[hands on deep learning note] day02 "fashion MNIST data set & two methods of softmax implementation

softmax regression

1, Get fashion MNIST training set and read data

Here we will use the torch vision package, which serves the PyTorch deep learning framework and is mainly used to build the computer vision model.
-Torch vision is mainly composed of the following parts:
torchvision.datasets: some functions for loading data and common data set interfaces;
Torch vision. Models: including common model structures (including pre training models), such as AlexNet, VGG, ResNet, etc;
torchvision.transforms: commonly used image transformations, such as clipping, rotation, etc;
torchvision.utils: some other useful methods.

1.import package

# import needed package
%matplotlib inline
from IPython import display
import matplotlib.pyplot as plt

import torch
import torchvision
import torchvision.transforms as transforms
import time

import sys
sys.path.append("/home/kesci/input")
import d2lzh1981 as d2l

print(torch.__version__)
print(torchvision.__version__)

2. get dataset

mnist_train = torchvision.datasets.FashionMNIST(root='/home/kesci/input/FashionMNIST2065', train=True, download=True, transform=transforms.ToTensor())
mnist_test = torchvision.datasets.FashionMNIST(root='/home/kesci/input/FashionMNIST2065', train=False, download=True, transform=transforms.ToTensor())

class torchvision.datasets.FashionMNIST(root, train=True, transform=None, target_transform=None, download=False)

Root (string) - the root directory of the dataset, which holds the processed/training.pt and processed/test.pt files.
train (bool, optional) - if set to True, create the dataset from training.pt, otherwise from test.pt.
Download (bool, optional) - if set to True, download data from the Internet and place it in the root folder. If the data already exists in the root directory, it will not be downloaded again.
Transform (callable, optional) - a function or transform that inputs a PIL picture and returns the transformed data. For example: transforms.RandomCrop.
Target?

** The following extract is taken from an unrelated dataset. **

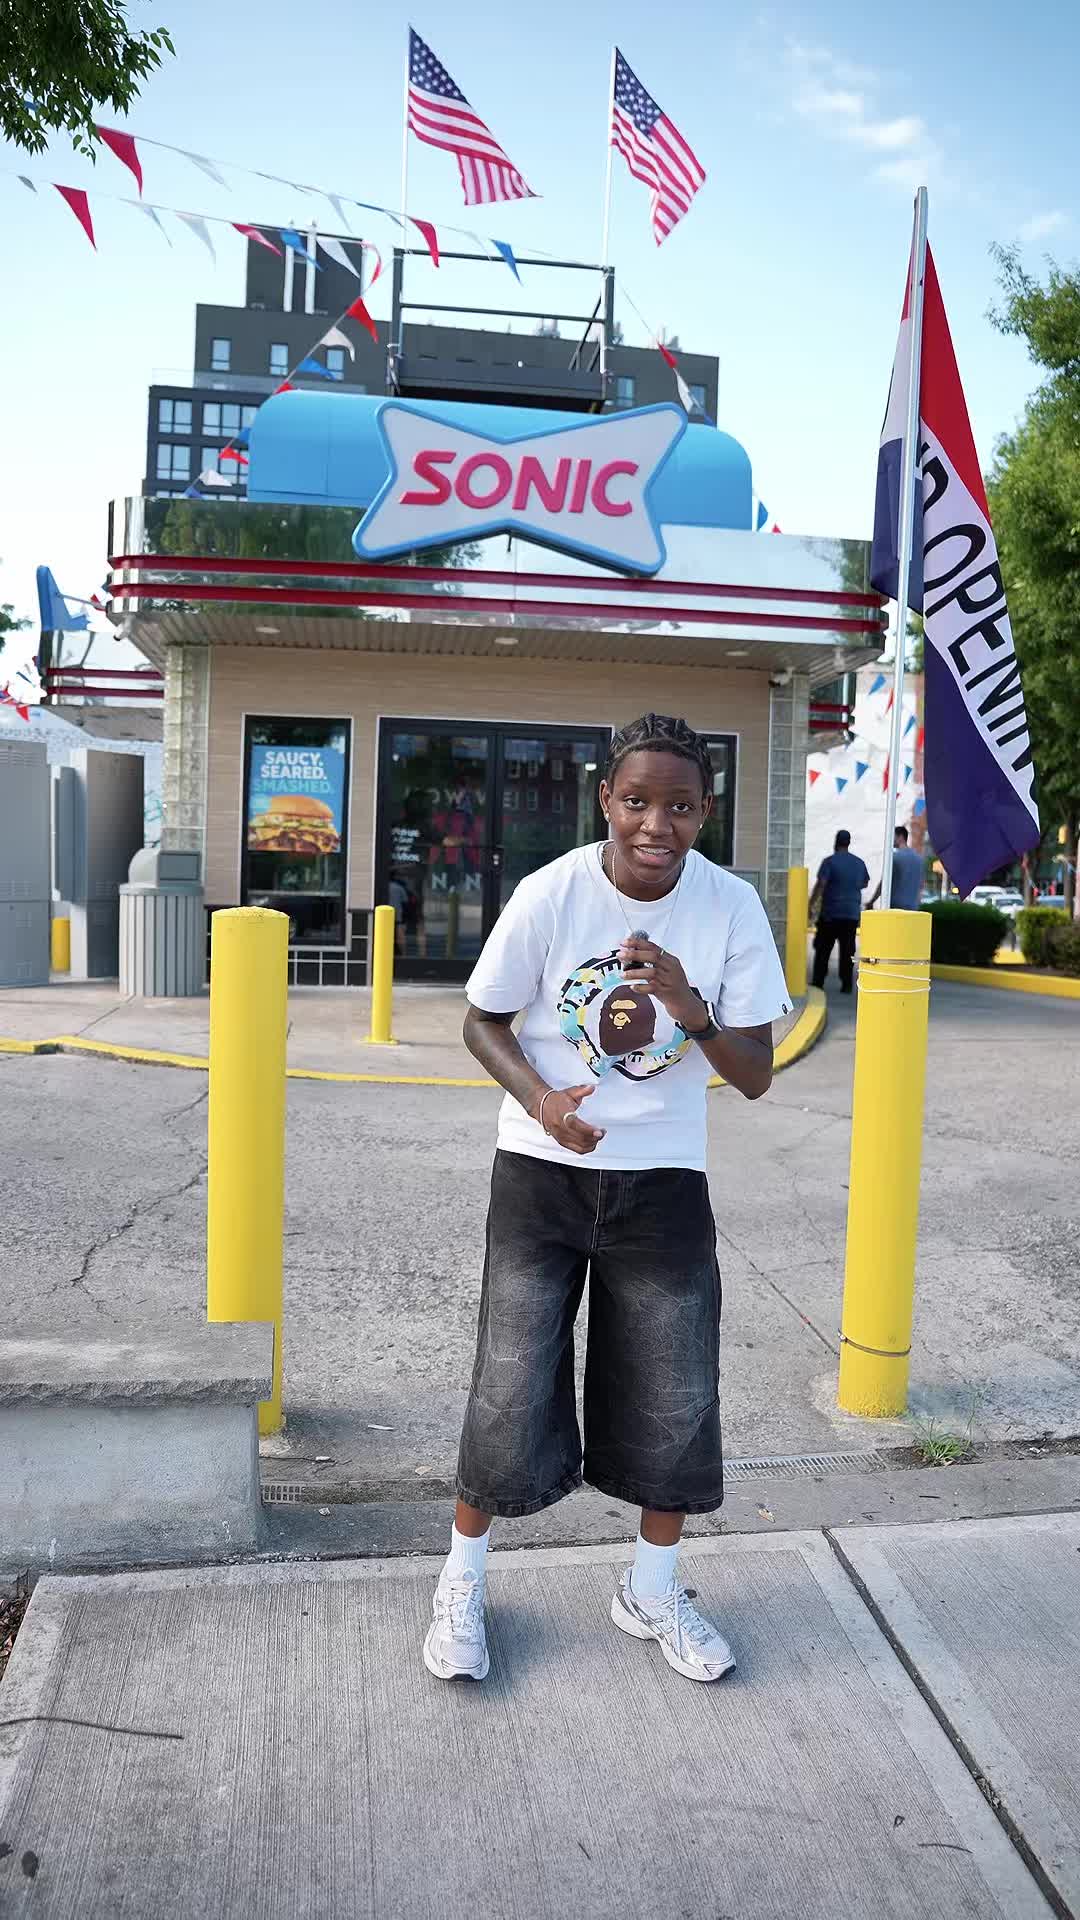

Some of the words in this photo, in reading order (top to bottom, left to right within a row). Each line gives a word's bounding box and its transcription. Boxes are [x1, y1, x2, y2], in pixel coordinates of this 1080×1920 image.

[400, 450, 639, 517] SONIC
[265, 751, 324, 767] SAUCY.
[261, 765, 328, 780] SEARED.

Transform (callable, optional) - a function or transform that inputs a target and transforms it.

# show result 
print(type(mnist_train))
print(len(mnist_train), len(mnist_test))

<class 'torchvision.datasets.mnist.FashionMNIST'>
60000 10000

# We can access any sample by subscript
feature, label = mnist_train[0]
print(feature.shape, label)  # Channel x Height x Width

If the input data without transformation is an image, we can see the type parameters of the image:

mnist_PIL = torchvision.datasets.FashionMNIST(root='/home/kesci/input/FashionMNIST2065', train=True, download=True)
PIL_feature, label = mnist_PIL[0]
print(PIL_feature)

<PIL.Image.Image image mode=L size=28x28 at 0x7F57E8736F28>

# This function has been saved in package d2lzh for later use
#Role: convert labels to text
#The text information corresponding to the label is returned (the text information is stored in the list of text_labels)
def get_fashion_mnist_labels(labels):
    text_labels = ['t-shirt', 'trouser', 'pullover', 'dress', 'coat',
                   'sandal', 'shirt', 'sneaker', 'bag', 'ankle boot']
    return [text_labels[int(i)] for i in labels]
#Make a data set presentation
def show_fashion_mnist(images, labels):
    d2l.use_svg_display()
    # Here "UU" means we ignore (do not use) variables
    _, figs = plt.subplots(1, len(images), figsize=(12, 12))
    for f, img, lbl in zip(figs, images, labels):
        f.imshow(img.view((28, 28)).numpy())
        f.set_title(lbl)
        f.axes.get_xaxis().set_visible(False)
        f.axes.get_yaxis().set_visible(False)
    plt.show()
X, y = [], []
for i in range(10):
    X.append(mnist_train[i][0]) # Add the i th feature to X
    y.append(mnist_train[i][1]) # Add the i-th label to y
show_fashion_mnist(X, get_fashion_mnist_labels(y))
# Read data
batch_size = 256	#Batch size
num_workers = 4		#Worker threads
train_iter = torch.utils.data.DataLoader(mnist_train, batch_size=batch_size, shuffle=True, num_workers=num_workers)
test_iter = torch.utils.data.DataLoader(mnist_test, batch_size=batch_size, shuffle=False, num_workers=num_workers)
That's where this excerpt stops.